Brazil is a major oil importer and, unlike Mexico, will benefit from the decline in oil prices. According to Robert Heller, chief international economist for Bank of America, the country should see its petroleum bill decline by $2 billion in 1986. Even so, Brazilian economists expect that the 7.5 percent economic growth the country enjoyed in 1985 will slip to 3 percent or less this year.
Brazil's new program to fight inflation -- which had accelerated from about 220 percent last summer to more than 500 percent in January -- is modeled heavily on one adopted by Argentine President Raul Alfonsin last June. The Argentine program included a wage and price freeze, creation of a new currency, maintenance of a fixed exchange rate to moderate the effect of rising import prices, reductions in state spending and a gradual dismantling of inefficient state enterprises.
Shell-shocked Argentines embraced the program almost totally at first. It brought the rate of inflation down to about 45 percent a year from nearly 1,500 percent. Alfonsin last summer also neatly deflected the politically explosive international debt issue by focusing on the need for Argentina to reform its own economic policies.
After the program was put into effect, Argentina received more than $1 billion in loans from the IMF and $4.2 billion from commercial banks. As a result, the country was able to bring all its loan payments up to date without using up hard-earned foreign currencies. The country, at least for now, has replaced Mexico as the model debtor nation. But the anti-inflation program triggered a severe recession in Argentina. Per-capita economic output fell 4 percent last year and nearly is 17 percent below its 1980 peak, according to New York's Morgan Guaranty Trust Co.
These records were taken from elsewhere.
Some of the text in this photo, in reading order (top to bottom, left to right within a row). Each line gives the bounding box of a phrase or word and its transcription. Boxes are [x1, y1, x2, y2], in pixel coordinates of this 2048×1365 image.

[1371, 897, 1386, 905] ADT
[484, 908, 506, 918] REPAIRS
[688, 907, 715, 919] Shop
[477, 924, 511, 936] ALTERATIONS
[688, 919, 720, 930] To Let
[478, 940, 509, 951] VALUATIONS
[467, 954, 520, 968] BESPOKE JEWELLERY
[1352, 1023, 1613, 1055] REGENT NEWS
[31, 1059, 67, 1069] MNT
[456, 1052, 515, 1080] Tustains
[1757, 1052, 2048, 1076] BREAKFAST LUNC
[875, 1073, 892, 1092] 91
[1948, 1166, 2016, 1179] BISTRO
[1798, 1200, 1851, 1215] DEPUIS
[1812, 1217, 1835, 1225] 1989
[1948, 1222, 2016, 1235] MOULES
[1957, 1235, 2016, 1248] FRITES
Political and social unrest again is growing in Argentina. Despite the administration's efforts to contain it, the debt issue again is becoming a major domestic political controversy.
The money from the banks and the IMF will run out this summer, but the country still needs to pay about $5 billion a year in interest on its $50 billion foreign debt. At the same time, its key exports will bring in fewer dollars this year than last because prices have slipped, and the problem is compounded by floods that have hurt the country's grain harvest. Grains account for nearly 50 percent of Argentina's foreign earnings. "Alfonsin learned the folly of whipping up the country over the foreign-debt issue last year," a U.S political analyst said. "But that doesn't mean he'll be able to ignore it if it flares up again this year."
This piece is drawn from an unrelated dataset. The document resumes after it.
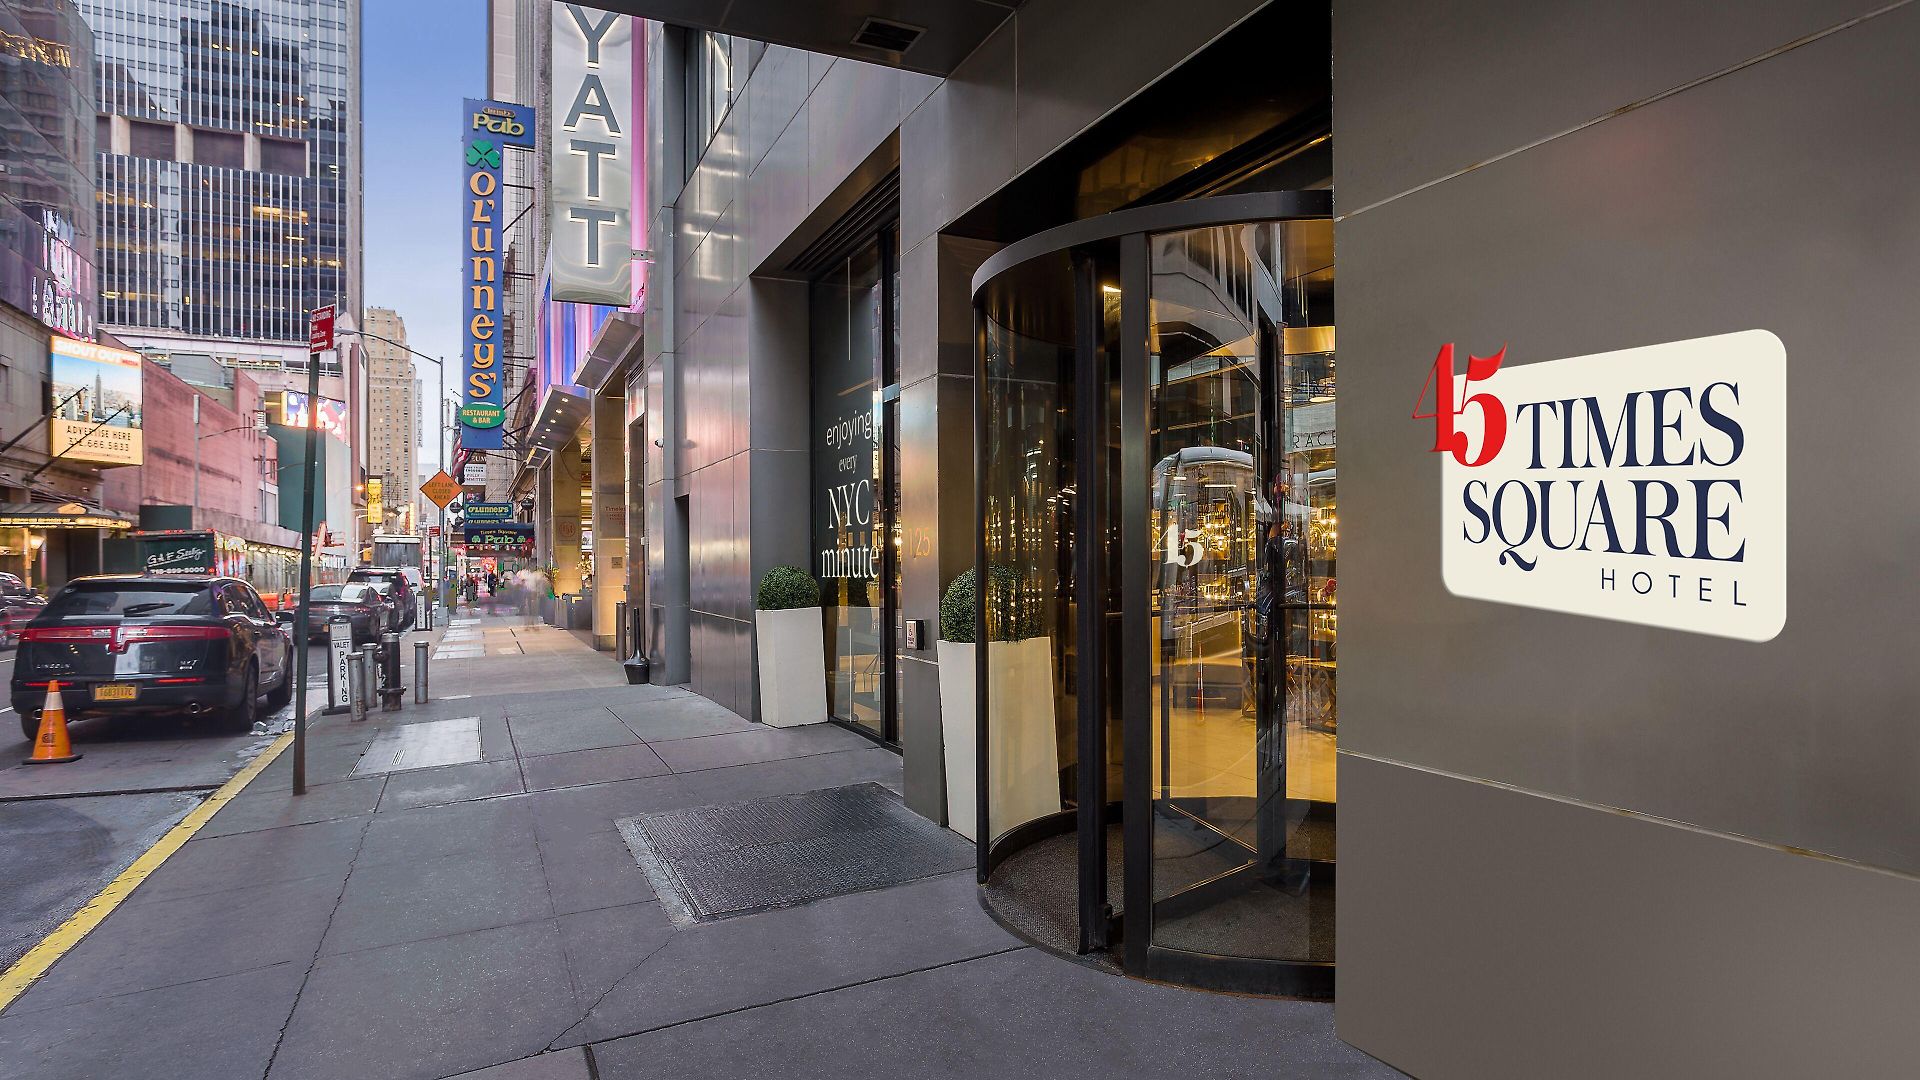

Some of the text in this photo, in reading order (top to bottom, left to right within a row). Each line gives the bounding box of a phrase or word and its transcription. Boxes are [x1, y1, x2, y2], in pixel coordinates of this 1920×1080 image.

Even the politically more conservative Mexicans, whose foreign debt totals $97 billion, will find it difficult to devise a solution to their current crisis that is both domestically acceptable and palatable to the banks and industrial-country governments.
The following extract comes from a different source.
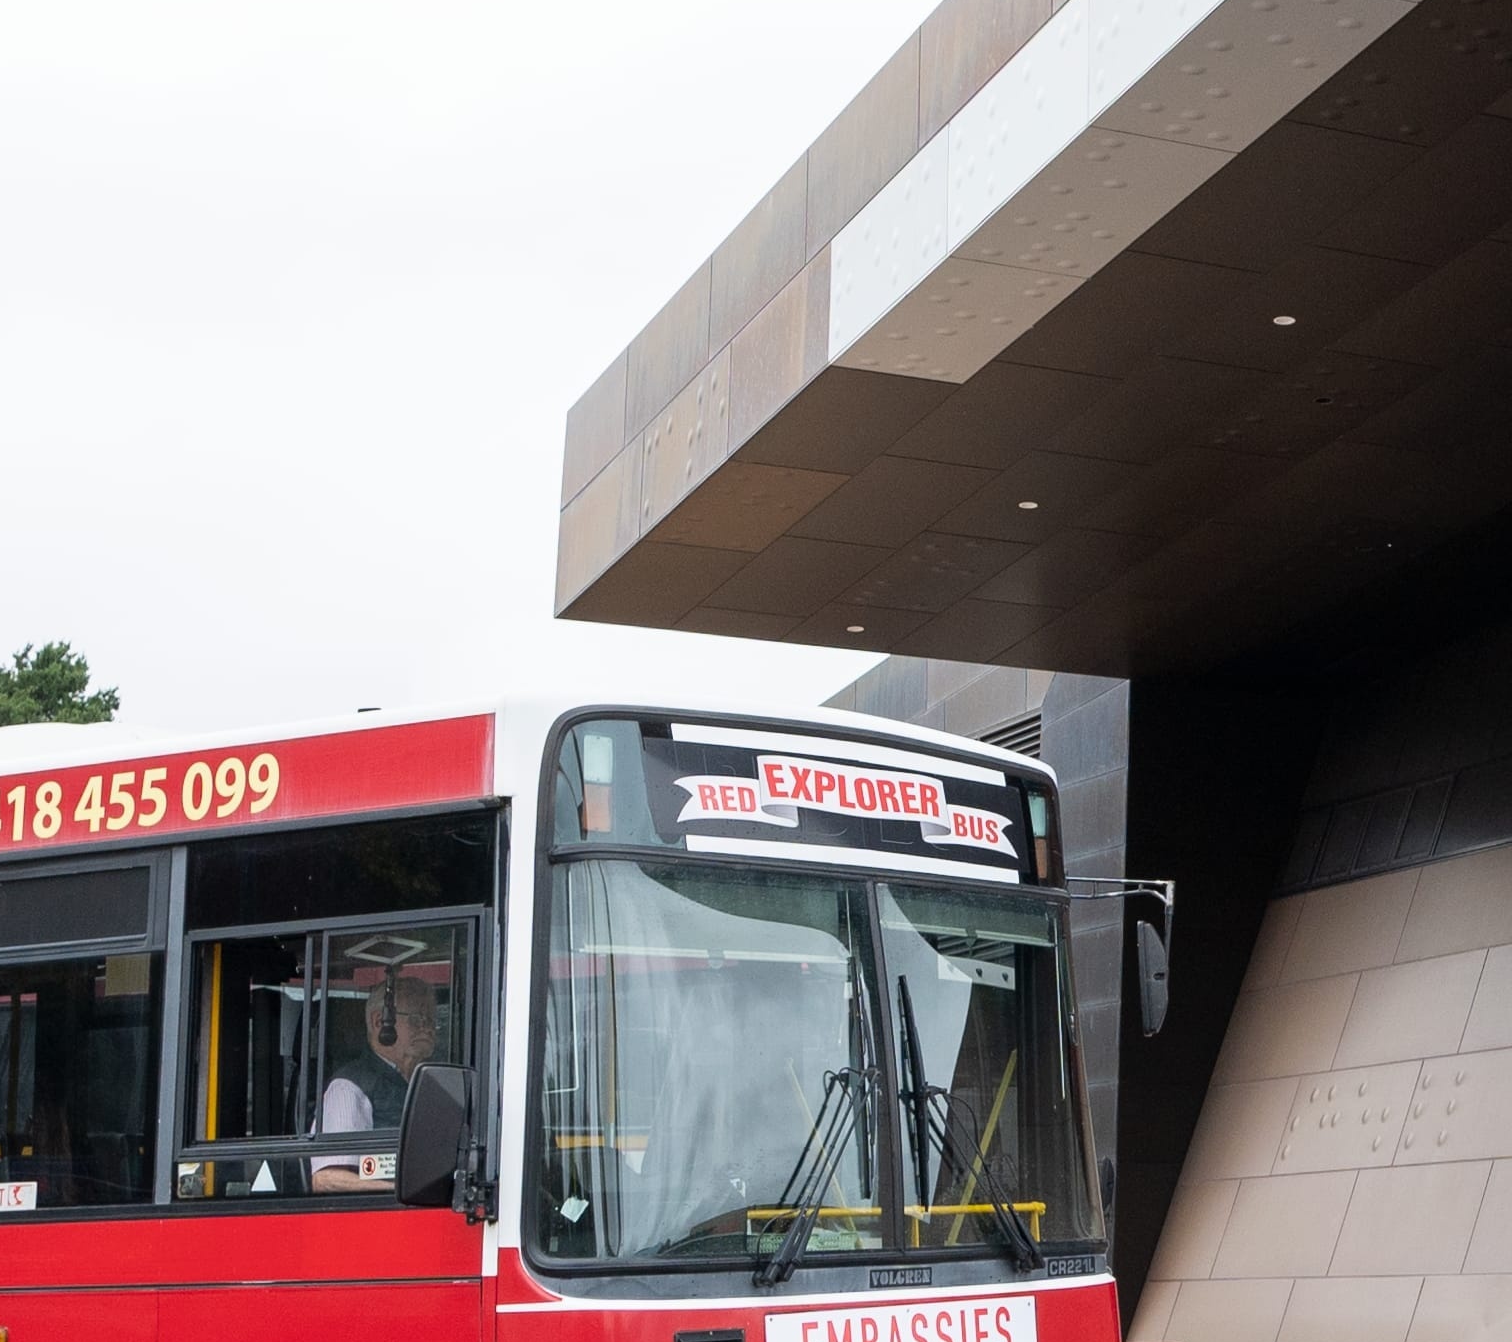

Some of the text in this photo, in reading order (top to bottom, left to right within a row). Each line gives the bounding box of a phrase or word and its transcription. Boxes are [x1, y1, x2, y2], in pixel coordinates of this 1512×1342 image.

[74, 767, 167, 832] 455
[182, 753, 280, 821] 099
[697, 763, 999, 844] RED EXPLORER BUS
[871, 1258, 1094, 1286] VOLGREN CR221L
President Miguel de la Madrid told the Mexicans in a television address two weeks ago that it is time for the banks to join the country in making some sacrifices. "It will be hard for him to back away from that statement," a Latin American diplomat said.
Furthermore, Mexico's ruling party will select its next president in 1987 -- making it unlikely that politicians can ignore domestic opposition to paying the foreign debt, he said. The question promises to become even more complicated if Jesus Silva Herzog, the Mexican finance minister who has been the architect of the country's economic progam, pursues the presidency himself.
"Silva Herzog can decide to be president and play to domestic politics or decide to be an international financier and play to the rest of the world, but he cannot do both," said a U.S. banker.